Diagnosis of gastric duplication is mainly achieved by endoscopic ultrasonography (EUS). The role of EUS is crucial for the diagnosis and classification of submucosal lesions. It allows exact visualization of the limits of the cyst wall with the adjacent gastrointestinal structures. It helps also to distinguish between solid and cystic lesions and to guide tissue sampling for cytohistological examination, which is essential for the differential diagnosis with other lesions and to rule out malignant transformation of the cyst [7]. EUS is also used in conjunction with gastroscopy, gastroduodenal opacification, and magnetic resonance imaging (MRI) for morphological exploration.

Total resection of the gastric duplication is the gold standard. Other surgical options are: (a) simple excision of the common wall, (b) bypass, and (c) a partial or total gastrectomy. For a malignant transformation of the duplication, a radical gastrectomy with lymphadenectomy is needed [4,5].

There were six cases of gastric duplications treated by minimally invasive techniques identified in the literature. The locations were antral in two cases, close to the cardia for two other cases, fundic in one case, and finally the posterior wall of the stomach in another case. Five cases were resected laparoscopically with one conversion into laparotomy and one resected by endoluminal techniques. All those interventions allowed complete resection of the gastric duplication through different surgical techniques such as antral gastrectomy, wedge resection, or endoscopic resection [1,4,7].

Before the first case treated laparoscopically in 2003, most authors described open procedures for the treatment of gastric duplications, which were mostly located in the proximal part of the stomach (fundus, lesser curvature); procedures included complete resection of the cyst [8], endoscopic [9], surgical [10,11], or wide communication between the gastric duplication and the gastric cavity and total or partial gastrectomy [12].

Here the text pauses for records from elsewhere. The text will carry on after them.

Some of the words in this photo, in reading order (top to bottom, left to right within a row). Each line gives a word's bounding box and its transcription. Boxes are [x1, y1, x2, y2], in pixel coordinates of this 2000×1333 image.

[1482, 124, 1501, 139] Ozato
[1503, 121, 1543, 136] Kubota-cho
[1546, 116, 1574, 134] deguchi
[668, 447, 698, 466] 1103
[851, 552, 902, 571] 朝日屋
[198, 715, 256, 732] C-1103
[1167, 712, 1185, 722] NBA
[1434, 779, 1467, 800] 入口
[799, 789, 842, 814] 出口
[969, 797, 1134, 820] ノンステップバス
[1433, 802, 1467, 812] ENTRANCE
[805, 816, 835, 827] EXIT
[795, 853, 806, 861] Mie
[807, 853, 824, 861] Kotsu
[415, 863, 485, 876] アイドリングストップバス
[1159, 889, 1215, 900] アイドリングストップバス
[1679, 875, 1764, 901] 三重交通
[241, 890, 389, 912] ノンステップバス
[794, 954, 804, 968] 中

Minimally invasive treatment can be important in terms of postoperative morbidity (such as pulmonary infection), earlier bowel function recovery, earlier diet start time, or less blood loss. Moreover, it allows a shorter hospital stay. Finally, it offers an identical survival rate compared to open surgery for the treatment of malignant gastric disease [13–16].

A review of the literature found no precise mortality rate for adults for gastric duplication cyst laparoscopic resection, and no reports related to the pathology itself. Only one article concerning children was found that mentioned a mortality rate of 10% associated with surgical treatment [17].

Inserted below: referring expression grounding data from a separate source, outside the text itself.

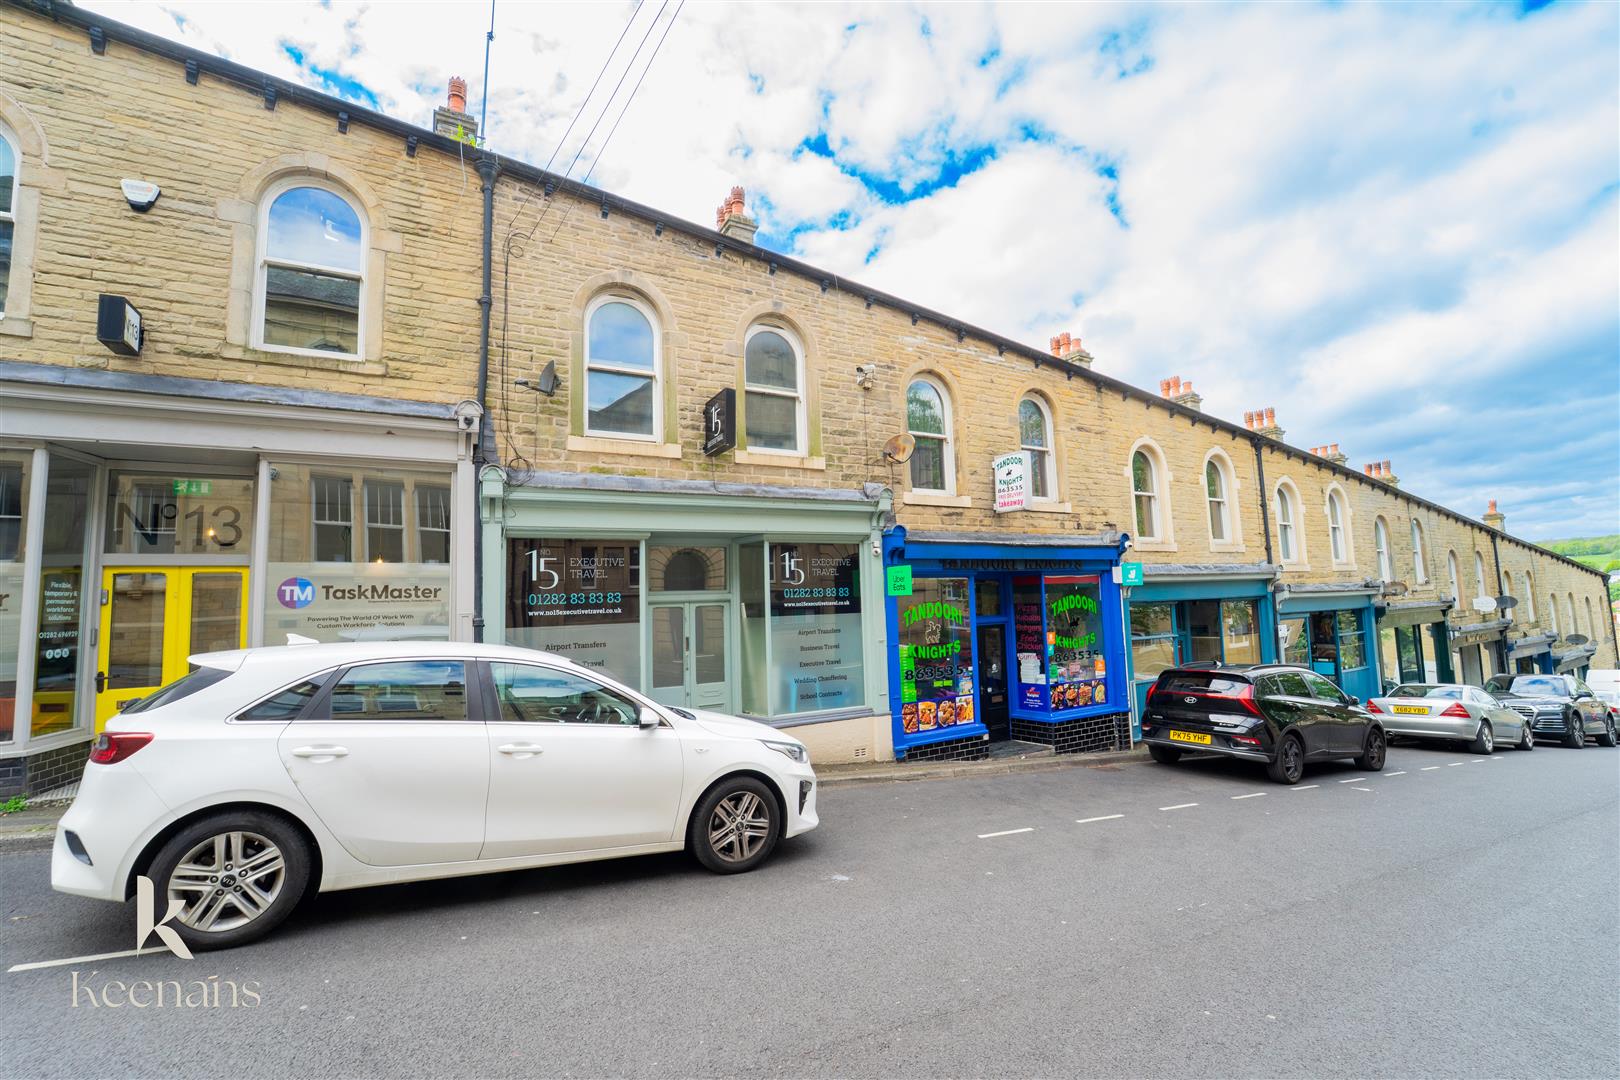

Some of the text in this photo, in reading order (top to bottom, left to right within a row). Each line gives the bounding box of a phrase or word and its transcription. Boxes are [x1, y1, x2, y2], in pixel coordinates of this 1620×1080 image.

[996, 456, 1024, 471] TANDOORI
[998, 475, 1023, 486] KNIGHTS
[570, 558, 625, 567] EXECUTIVE
[780, 551, 805, 585] 15
[812, 558, 851, 567] EXECUTIVE
[525, 549, 559, 590] 15
[570, 569, 608, 579] TRAVEL
[812, 568, 839, 576] TRAVEL
[281, 585, 313, 601] TM
[321, 584, 442, 601] TaskMaster
[784, 587, 849, 598] 01282 83 83 83
[529, 592, 622, 606] 01282 83 83 83
[1051, 594, 1097, 617] TANDOORI
[528, 608, 622, 617] www.no15executivetravel.co.uk
[903, 602, 963, 628] TANDOORI
[545, 641, 607, 651] Airport Transfers
[1055, 632, 1096, 649] KNIGHTS
[908, 640, 961, 659] KNIGHTS
[1054, 649, 1100, 662] 863535
[581, 659, 605, 667] Travel
[825, 658, 841, 666] Travel
[904, 664, 964, 681] 863535
[800, 690, 842, 700] School Contracts
[1172, 732, 1208, 742] PK75 YHF
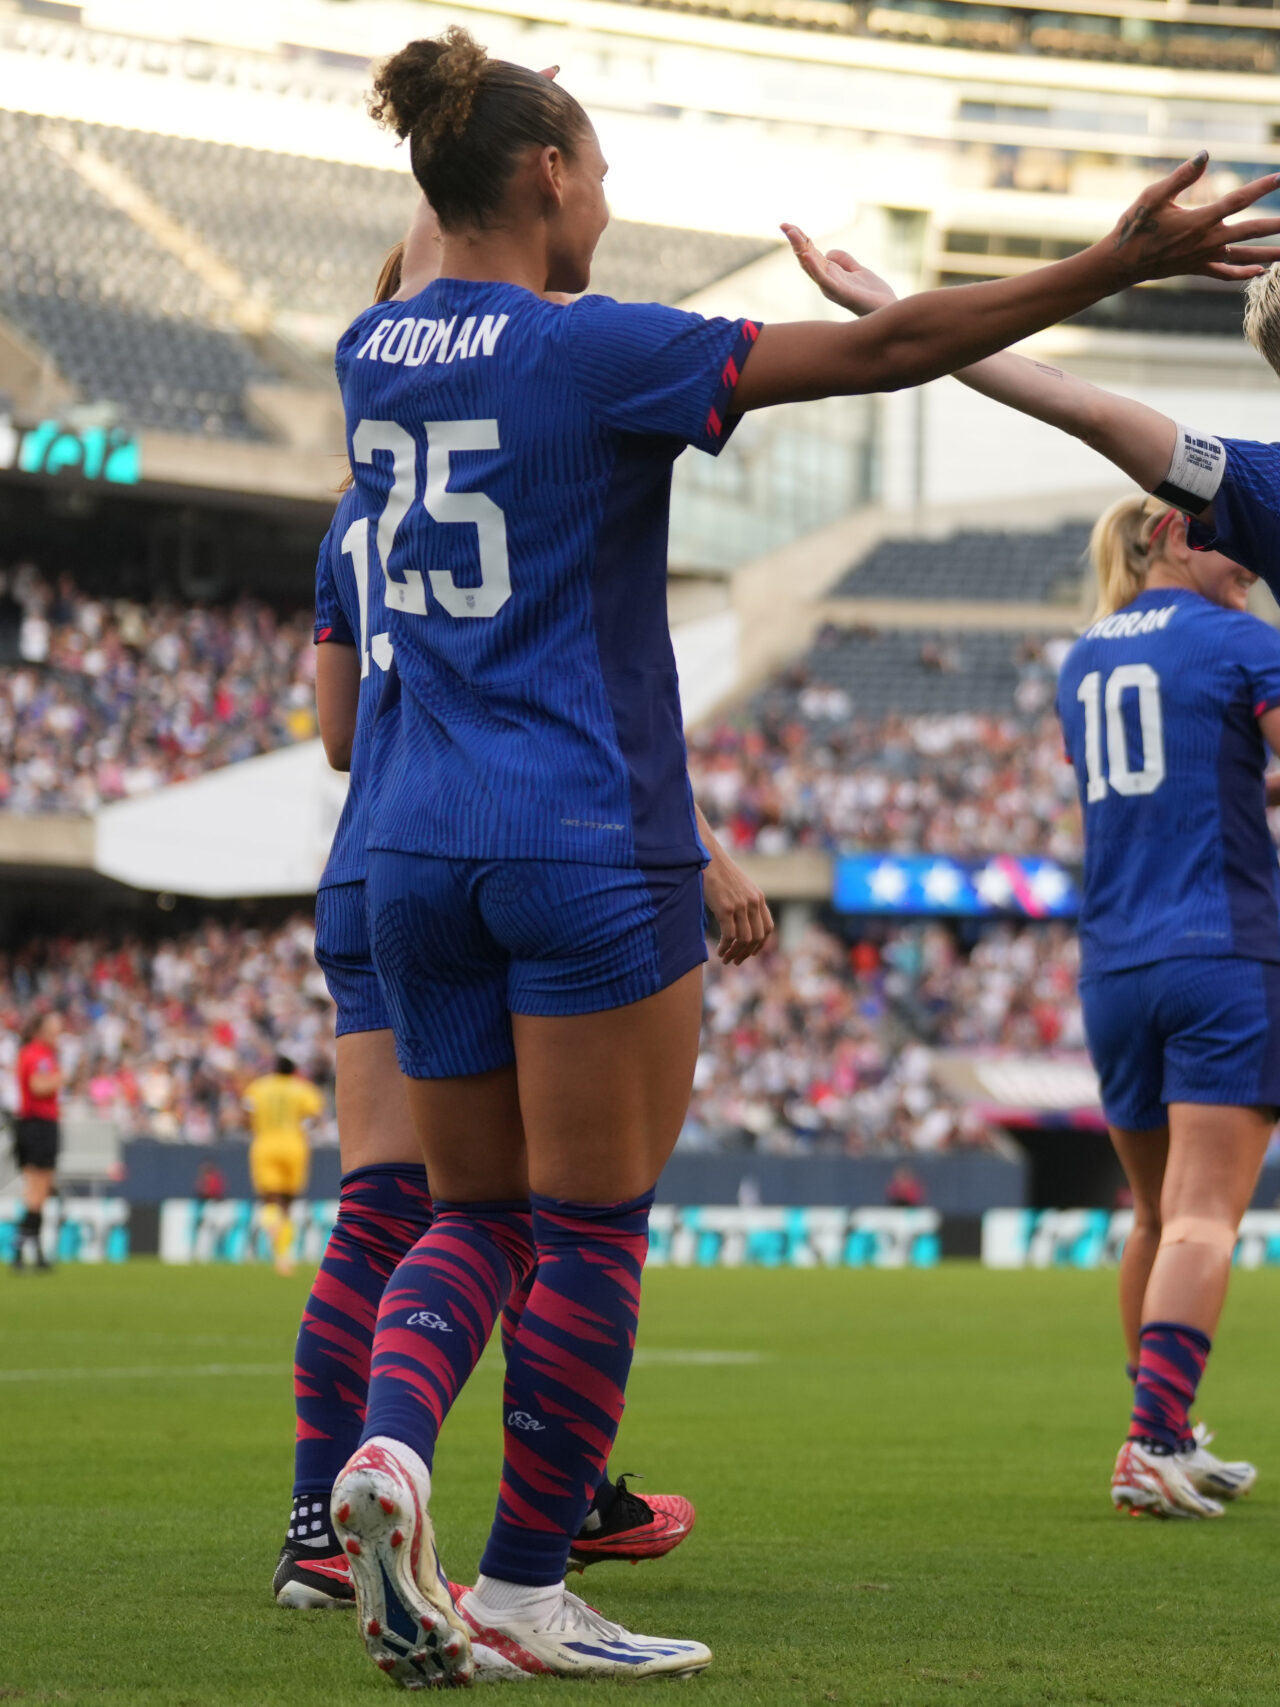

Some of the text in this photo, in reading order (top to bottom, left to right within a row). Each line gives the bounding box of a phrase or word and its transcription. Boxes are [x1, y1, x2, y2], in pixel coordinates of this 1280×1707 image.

[357, 314, 509, 366] RODMAN
[352, 419, 512, 617] 25
[1077, 663, 1165, 803] 10

In our opinion, the mortality rate for this pathology remains difficult to assess because of the asymptomatic character and evolution of the duplication cyst, which could include malignant transformation or extension of the cyst to other organs, and which could provoke severe complications such as severe pancreatitis, gastrocolic fistulas, gastric or duodenal stenosis, or biliary communications.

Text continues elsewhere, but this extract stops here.